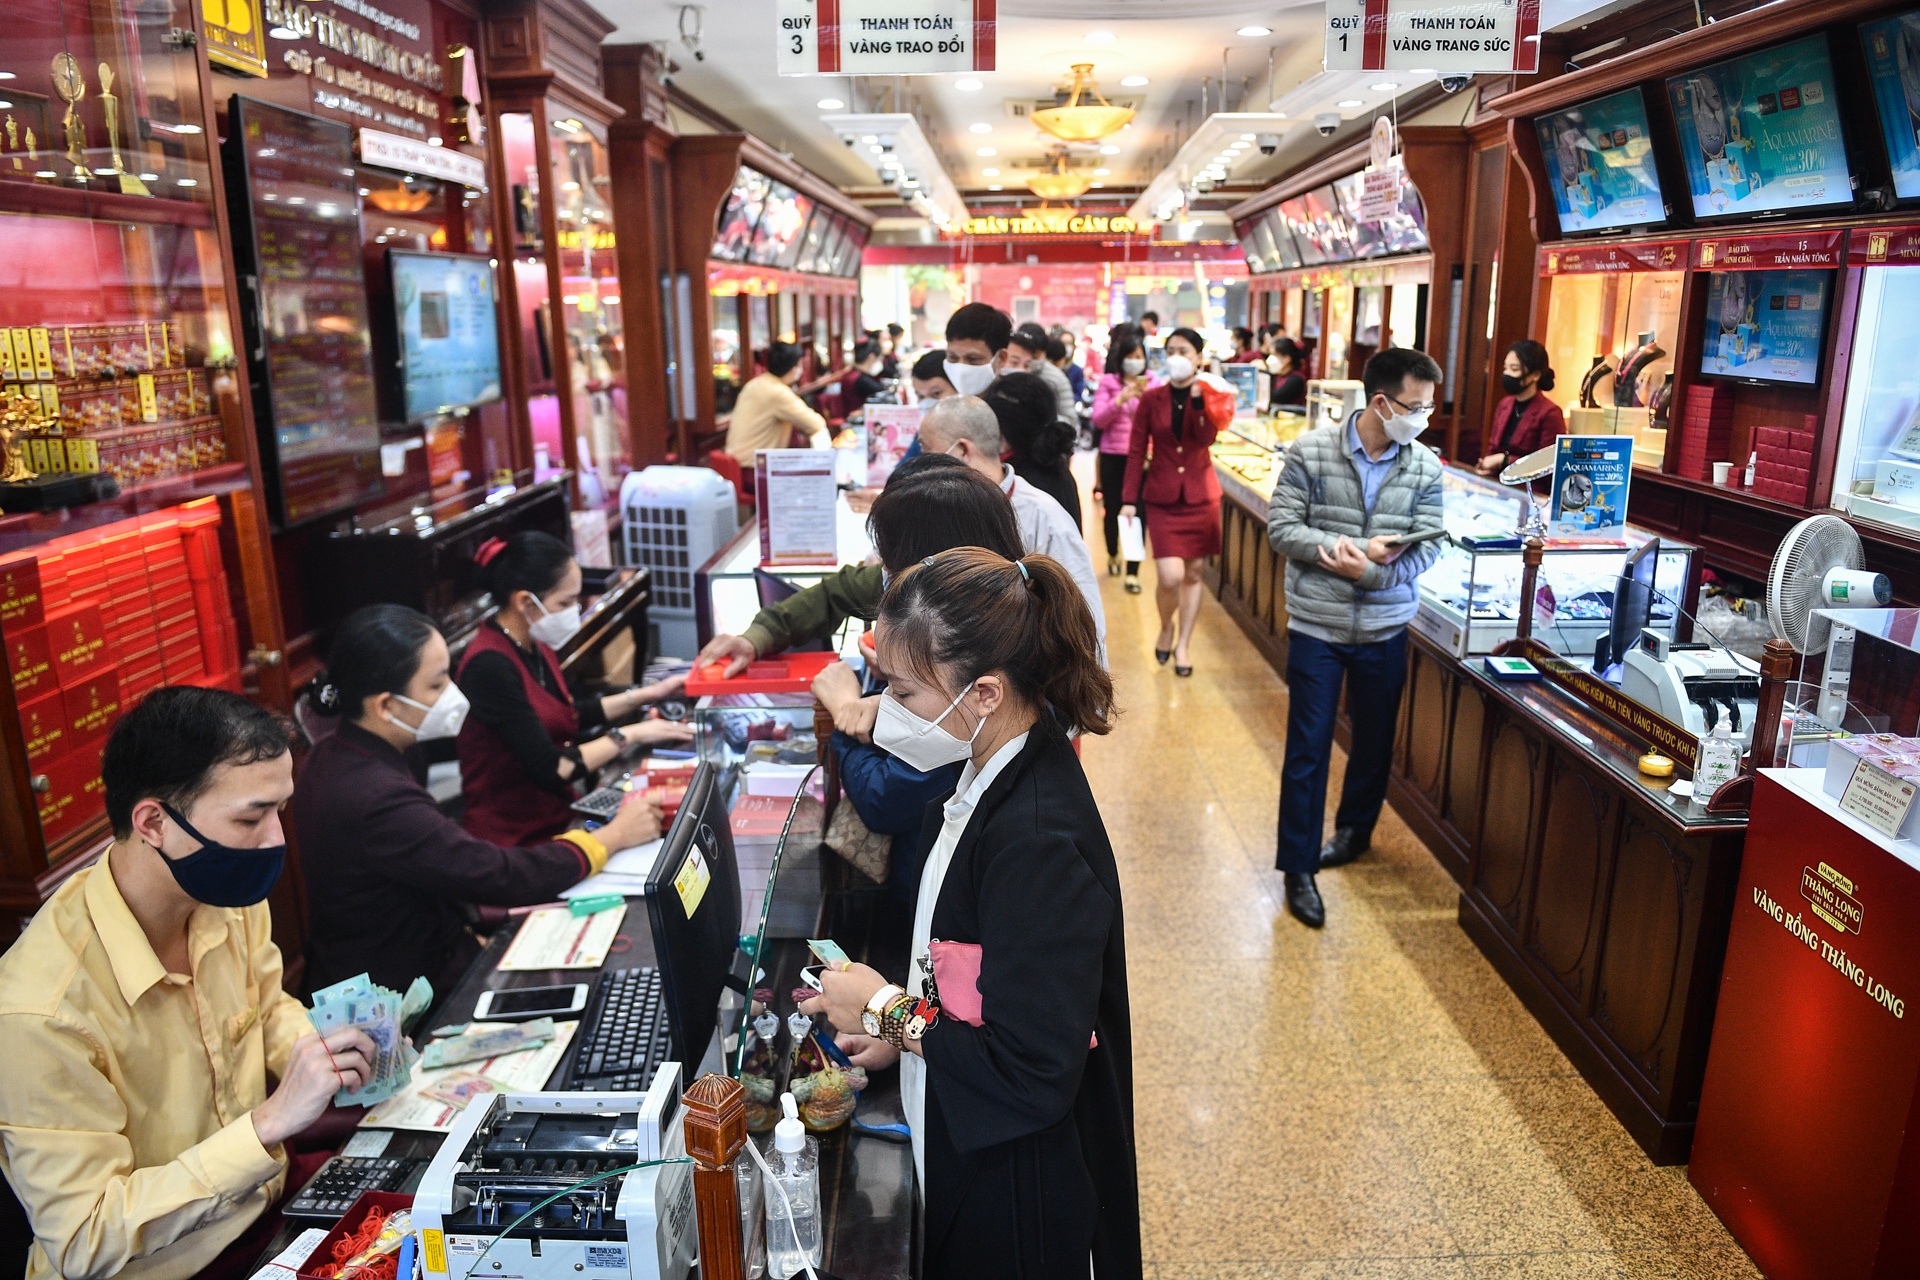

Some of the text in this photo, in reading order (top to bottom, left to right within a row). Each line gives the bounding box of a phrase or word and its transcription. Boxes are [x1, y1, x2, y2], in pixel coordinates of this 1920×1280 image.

[782, 15, 811, 29] QUỸ
[861, 14, 953, 30] THANH TOÁN
[1331, 15, 1360, 29] QUỸ
[1411, 14, 1495, 30] THANH TOÁN
[791, 35, 803, 54] 3
[850, 35, 964, 54] VÀNG TRAO ĐỔI
[1339, 33, 1348, 52] 1
[1393, 36, 1511, 51] VÀNG TRANG SỨC
[1762, 120, 1837, 153] AQUAMARINE
[1798, 241, 1807, 251] 15
[1562, 461, 1624, 473] AQUAMARINE
[1574, 674, 1590, 694] HÀNG
[1605, 694, 1617, 711] TRA
[1617, 701, 1632, 723] TIỀN,
[1633, 710, 1651, 732] VÀNG
[1652, 722, 1677, 748] TRƯỚC
[1677, 739, 1690, 757] KHI
[1690, 749, 1698, 761] R
[1820, 865, 1852, 891] VÀNG RỒNG
[1804, 874, 1860, 923] THĂNG LONG
[1753, 887, 1905, 1019] VÀNG RỒNG THĂNG LONG

WHAT THE TASK REQUIRES: Exactly as given, transcribe every line of the data, but not its images.

YOUR SOLUTION:
Some of the text in this photo, in reading order (top to bottom, left to right within a row). Each line gives the bounding box of a phrase or word and its transcription. Boxes are [x1, y1, x2, y2], in pixel coordinates of this 1920×1280 image.

[782, 15, 811, 29] QUỸ
[861, 14, 953, 30] THANH TOÁN
[1331, 15, 1360, 29] QUỸ
[1411, 14, 1495, 30] THANH TOÁN
[791, 35, 803, 54] 3
[850, 35, 964, 54] VÀNG TRAO ĐỔI
[1339, 33, 1348, 52] 1
[1393, 36, 1511, 51] VÀNG TRANG SỨC
[1762, 120, 1837, 153] AQUAMARINE
[1798, 241, 1807, 251] 15
[1562, 461, 1624, 473] AQUAMARINE
[1574, 674, 1590, 694] HÀNG
[1605, 694, 1617, 711] TRA
[1617, 701, 1632, 723] TIỀN,
[1633, 710, 1651, 732] VÀNG
[1652, 722, 1677, 748] TRƯỚC
[1677, 739, 1690, 757] KHI
[1690, 749, 1698, 761] R
[1820, 865, 1852, 891] VÀNG RỒNG
[1804, 874, 1860, 923] THĂNG LONG
[1753, 887, 1905, 1019] VÀNG RỒNG THĂNG LONG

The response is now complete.